Presynaptic glutamate levels in tonic and phasic motor axons correlate with properties of synaptic release.

Synaptic glutamate release involves the accumulation of cytoplasmic glutamate in synaptic vesicles, whereafter it is released by triggered exocytosis. As glutamatergic terminals are known to be functionally diverse it was of interest to examine whether the presynaptic glutamate supply differs between individual axon terminals with distinct release properties. The glutamatergic terminals in the crustacean neuromuscular system system comprise a "phasic" type which shows fatigue of release during repetitive stimulation, and a "tonic" type which can maintain transmission for long periods. Quantitative immunogold analysis showed that the axons in a tonic nerve innervating slow muscles in the abdomen contained two times higher levels of glutamate labeling over axoplasmic matrix and over mitochondria, as compared to the corresponding elements in a phasic nerve. Similar results were obtained when adjacent phasic and tonic axons in a mixed nerve innervating leg muscles were compared. In the terminal regions of tonic and phasic axons the glutamate labeling differed correspondingly over axoplasmic matrix and mitochondria, while the synaptic vesicles showed a similar strong accumulation of labeling in both types of terminal. The level of labeling for glutamine, a glutamate precursor, was closely similar in phasic and tonic axons.
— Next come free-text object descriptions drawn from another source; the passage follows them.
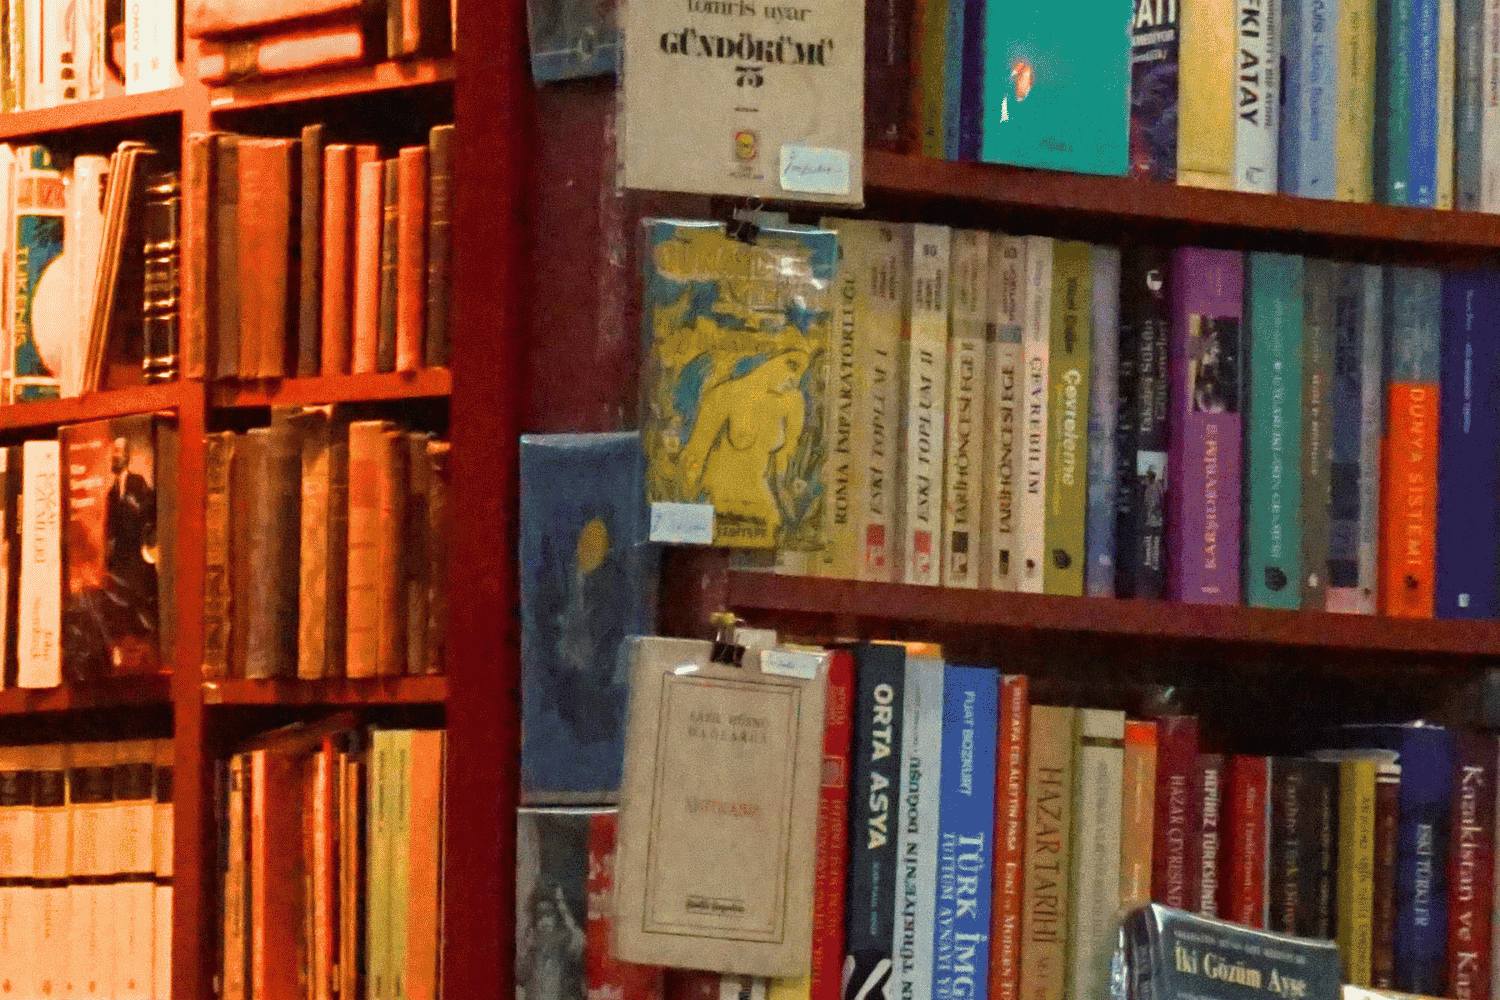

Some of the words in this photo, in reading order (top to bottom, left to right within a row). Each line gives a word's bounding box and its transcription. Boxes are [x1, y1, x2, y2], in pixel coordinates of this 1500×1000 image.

[735, 66, 764, 88] 75
[1239, 48, 1260, 127] ATAY
[962, 356, 974, 392] EGE
[1002, 367, 1014, 401] EGE
[918, 375, 934, 466] TOPLUM
[1027, 357, 1042, 495] ÇEVREBİLİM
[1062, 369, 1081, 486] Çevreleme
[834, 464, 850, 525] ROMA
[869, 467, 885, 515] ESKİ
[954, 397, 971, 526] TARİHÖNCESİ
[917, 475, 932, 523] ESKİ
[873, 682, 893, 761] ORTA
[962, 691, 975, 726] FUAT
[907, 757, 921, 834] DOĞUŞU
[960, 728, 974, 796] BOZKURT
[1204, 769, 1218, 827] HEPİNİZ
[867, 771, 889, 850] ASYA
[1037, 766, 1063, 854] HAZAR
[1169, 775, 1185, 824] HAZAR
[1459, 765, 1484, 902] Kazakistan
[956, 831, 987, 919] TÜRK
[1032, 861, 1062, 943] TARİHİ
[1458, 912, 1473, 941] ve
[1204, 953, 1262, 989] Gözüm
The axoplasmic glutamate concentration was estimated to be in the low millimolar range, through comparison with coprocessed conjugates with known glutamate concentration. These results show that fatigue-resistant tonic axons and terminals contain higher levels of glutamate than fatiguable phasic axons, presumably representing an adaptation to the markedly different impulse activities in the two types of neuron. The axonal glutamate concentrations are in the range of the Km value for vesicular glutamate transport. Thus in tonic axons the high glutamate level appears to promote an efficient refilling of synaptic vesicles during sustained release, while in phasic axons the refilling should be slower which is compatible with an infrequent release.